Spatial localization data

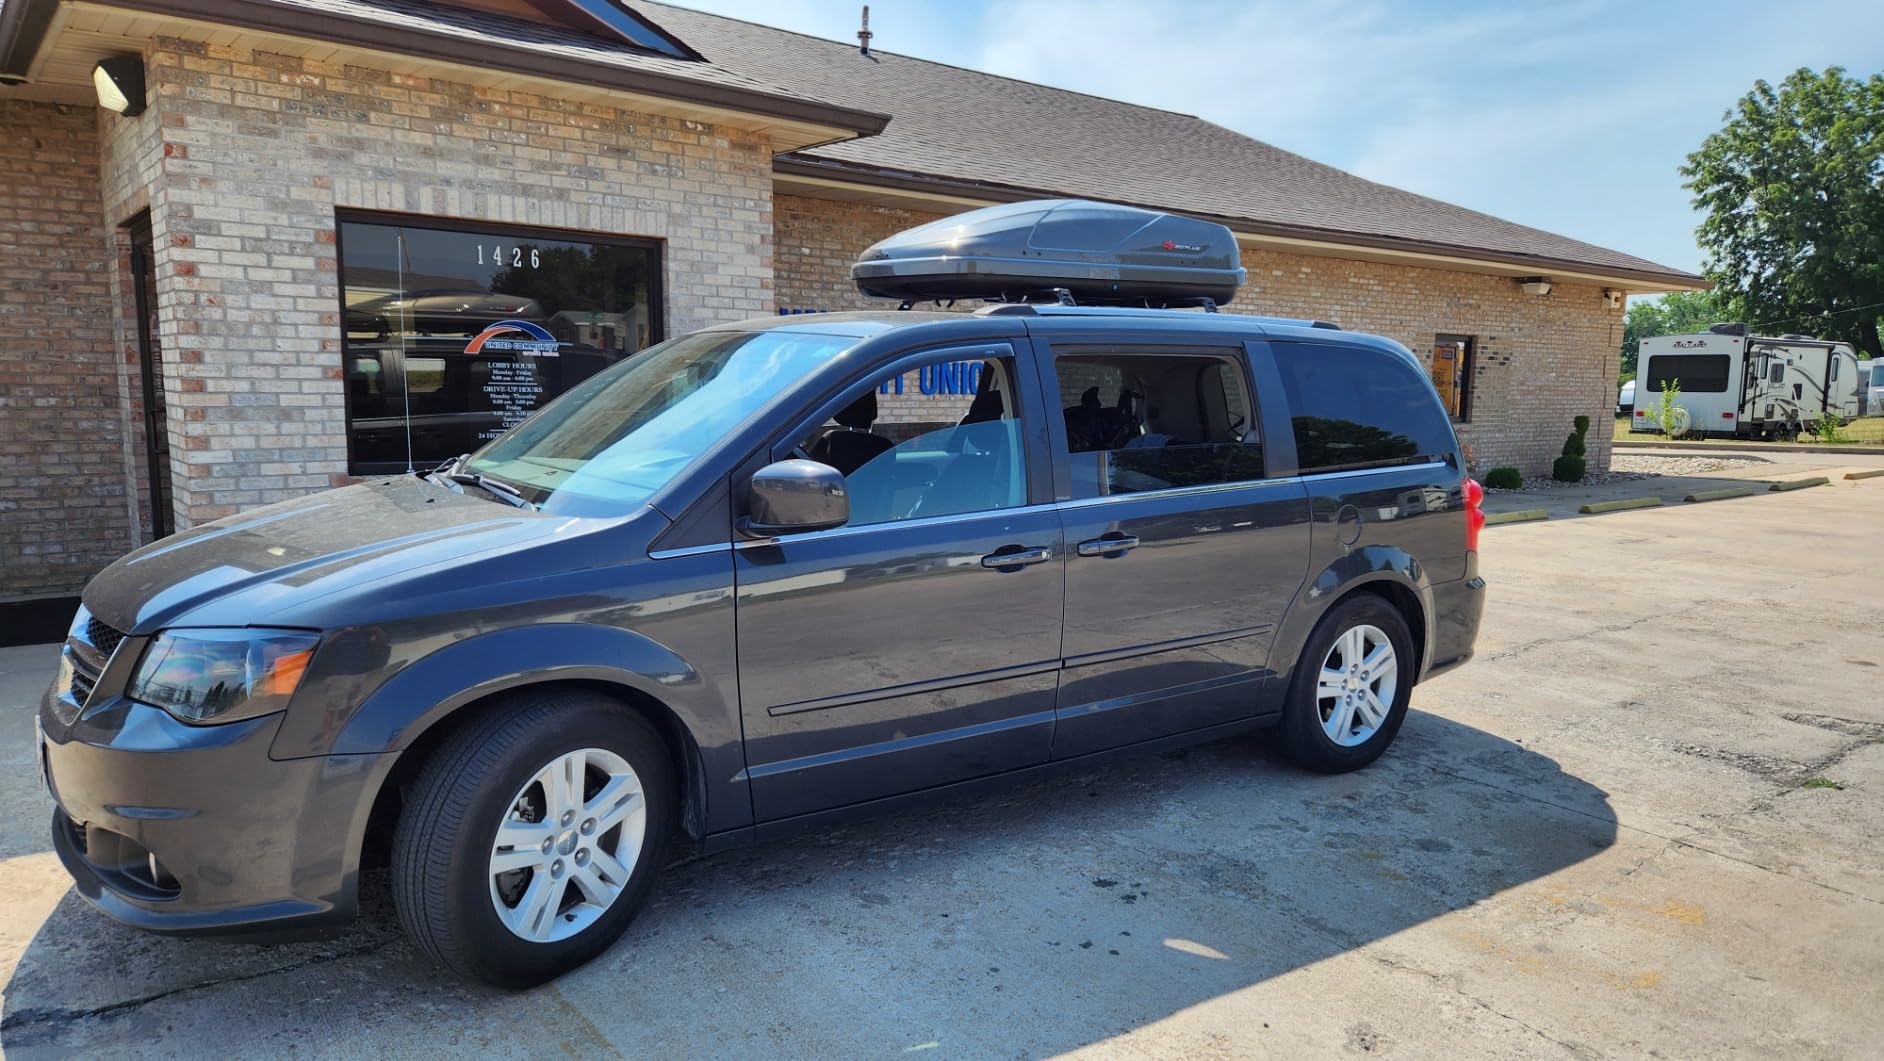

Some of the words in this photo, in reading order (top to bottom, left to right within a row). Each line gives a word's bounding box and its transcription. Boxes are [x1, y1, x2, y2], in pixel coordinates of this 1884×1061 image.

[477, 244, 540, 269] 1426
[513, 342, 559, 351] COMMUNITY
[919, 361, 984, 395] UNIO
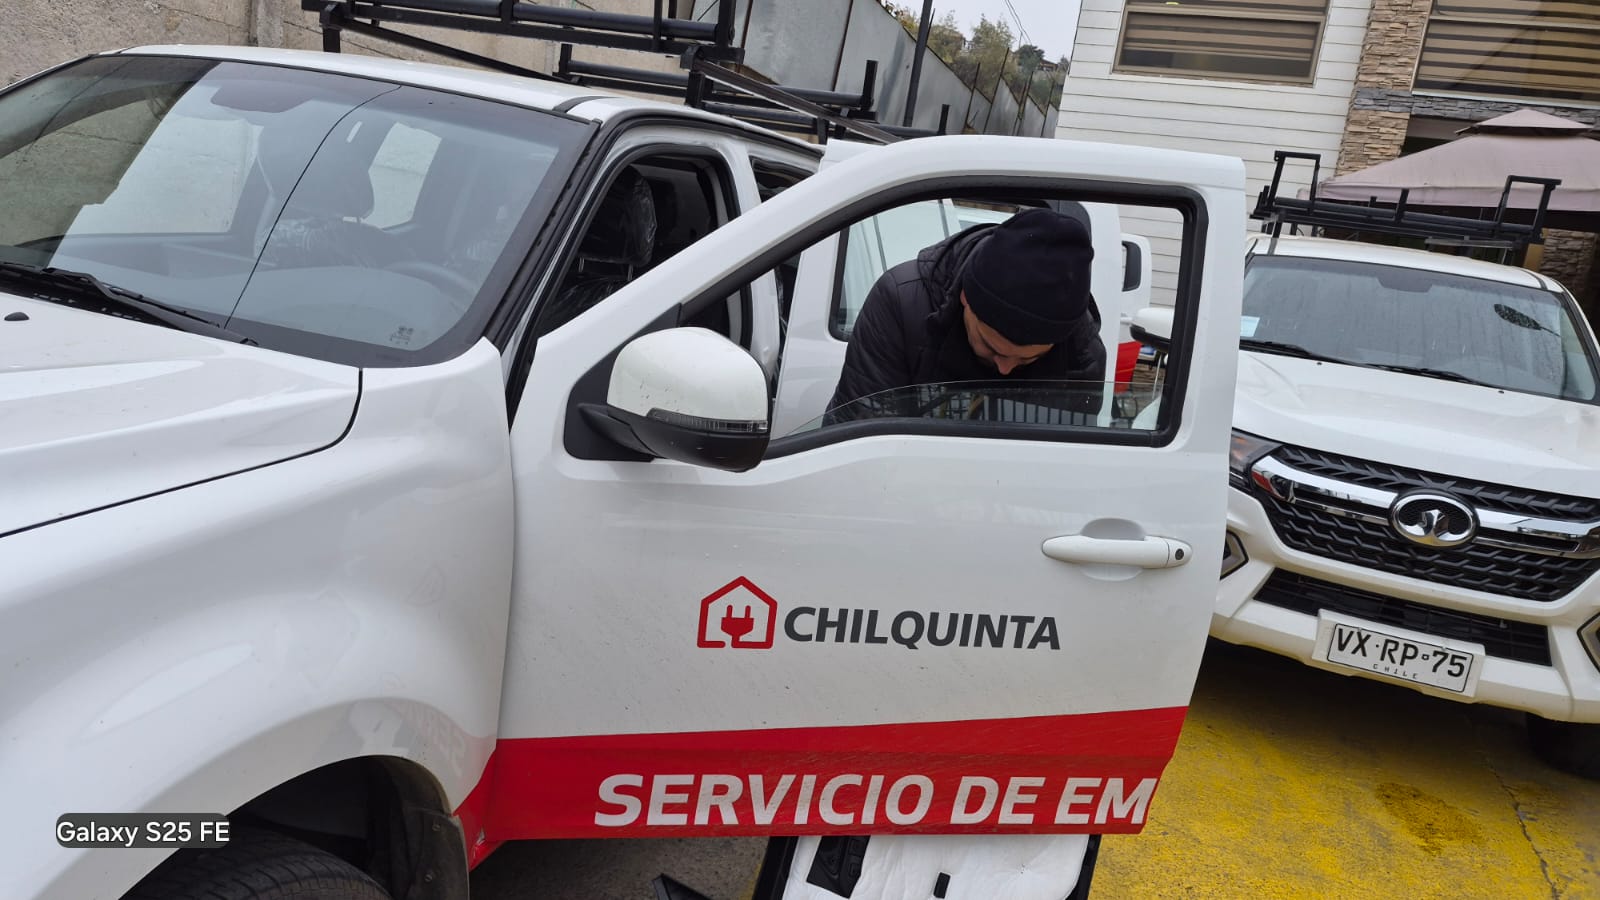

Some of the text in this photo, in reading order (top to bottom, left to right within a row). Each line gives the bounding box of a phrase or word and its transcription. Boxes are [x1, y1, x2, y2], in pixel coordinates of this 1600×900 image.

[784, 606, 1061, 650] CHILQUINTA
[1373, 663, 1418, 680] CHILE
[594, 774, 1157, 826] SERVICIO DE EM
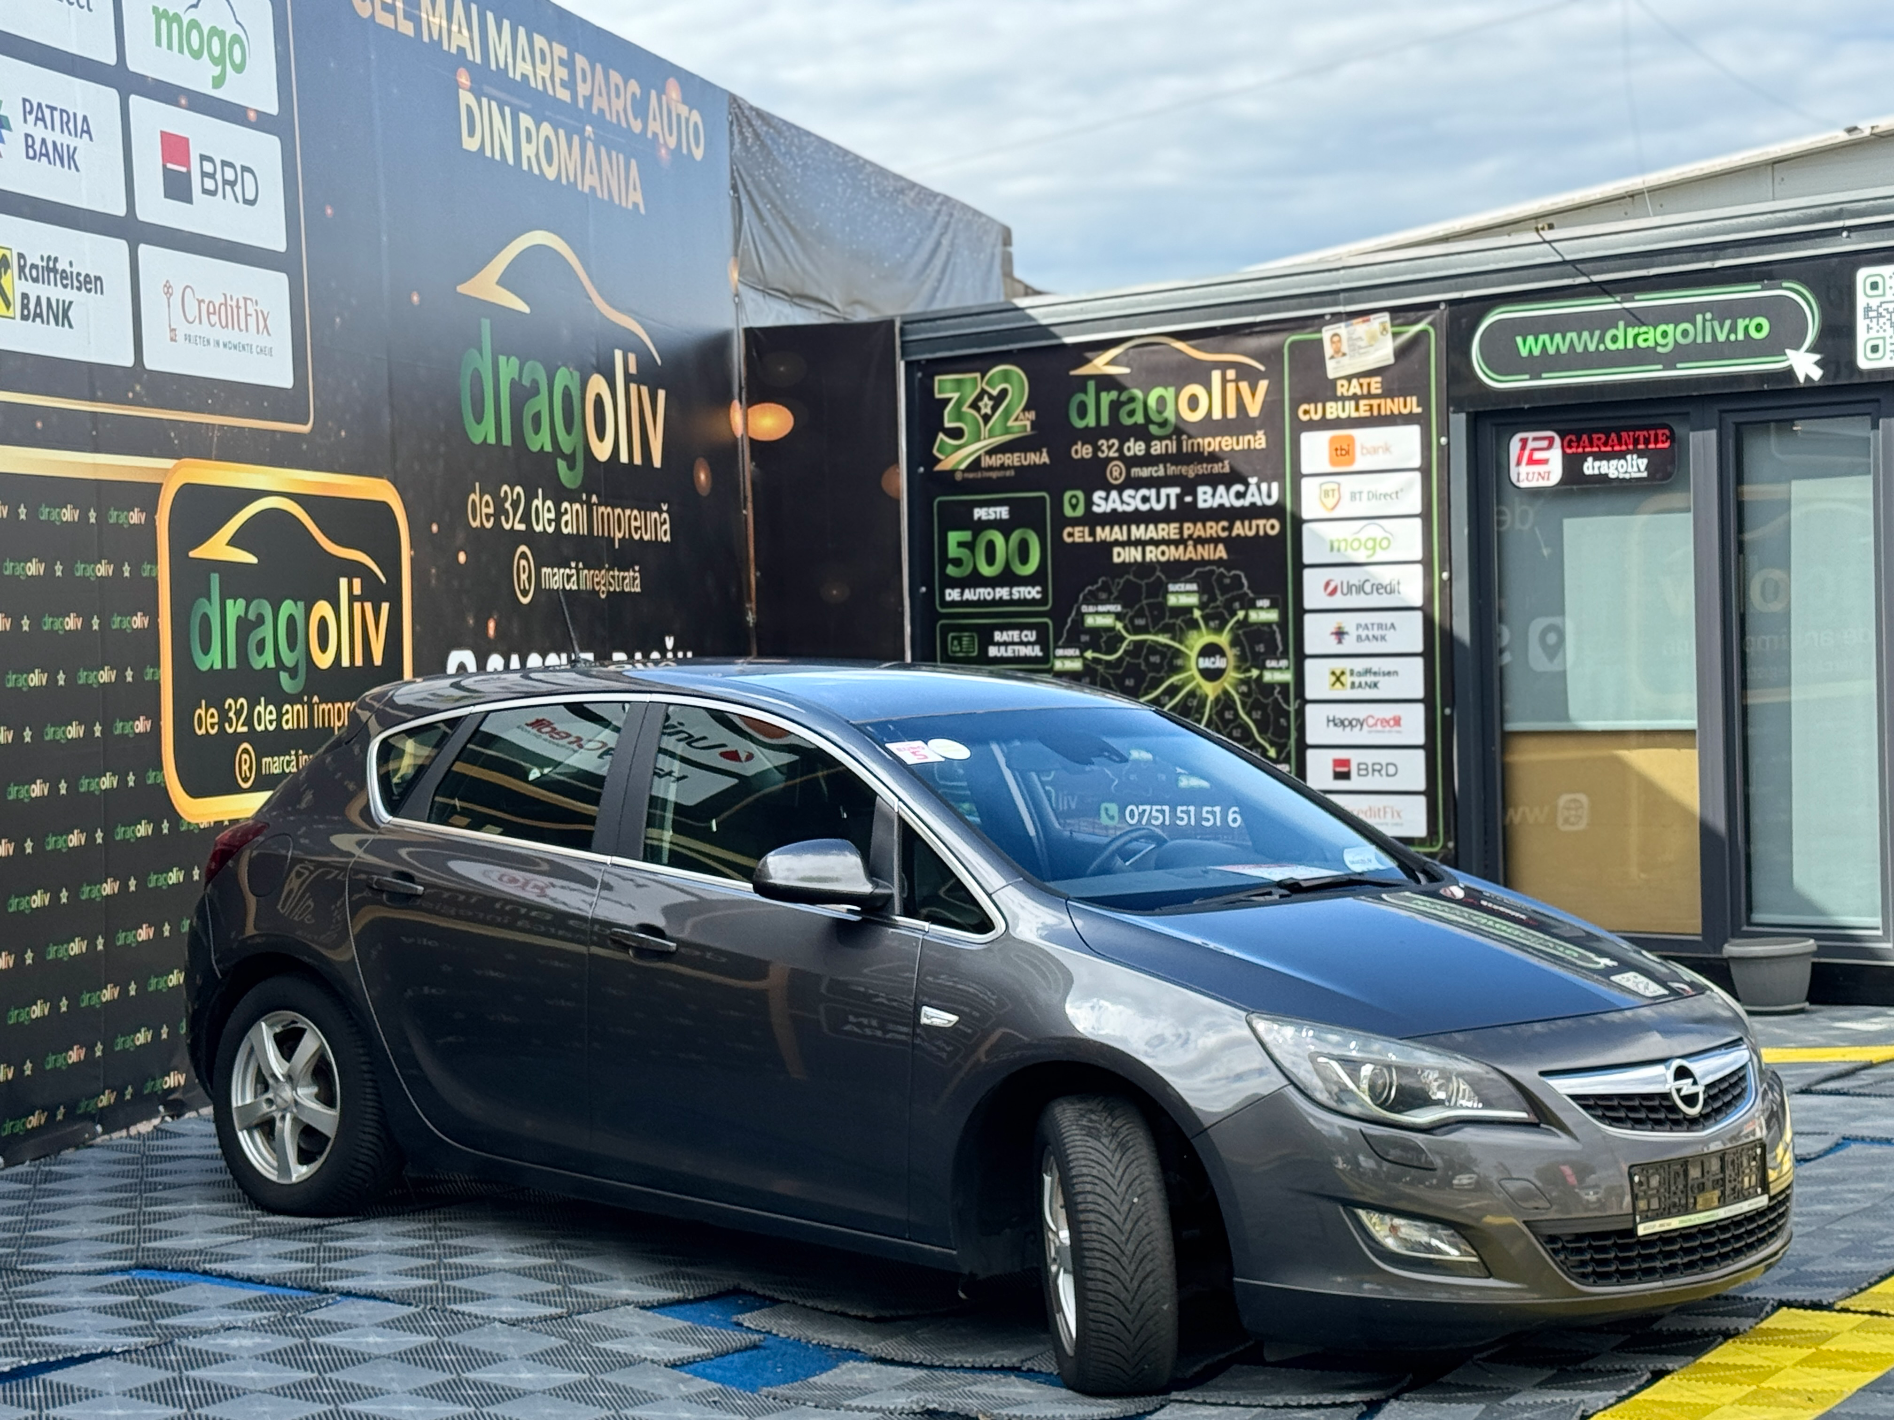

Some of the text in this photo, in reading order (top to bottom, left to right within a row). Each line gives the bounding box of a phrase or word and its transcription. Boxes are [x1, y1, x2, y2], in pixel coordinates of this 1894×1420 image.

**BRIEF**
Could you copy every record above exactly, leaving out the pictures?

**RESPONSE AREA**
Some of the words in this photo, in reading order (top to bottom, left to right within a row). Each line gives a word's bounding box and its transcription. Boxes are [x1, y1, x2, y2], in pixel coordinates of this 1884×1061 image.

[477, 244, 540, 269] 1426
[513, 342, 559, 351] COMMUNITY
[919, 361, 984, 395] UNIO

Some of the text in this photo, in reading order (top to bottom, left to right within a row). Each line gives the bounding box of a phrase or word and its transcription. Boxes are [x1, y1, x2, y2], in pixel coordinates of this 1600×900 image.

[784, 606, 1061, 650] CHILQUINTA
[1373, 663, 1418, 680] CHILE
[594, 774, 1157, 826] SERVICIO DE EM

Some of the text in this photo, in reading order (top to bottom, left to right within a row). Each line gives the bounding box of a phrase or word and its transcription. Boxes are [x1, y1, x2, y2], in pixel coordinates of this 1894×1420 image.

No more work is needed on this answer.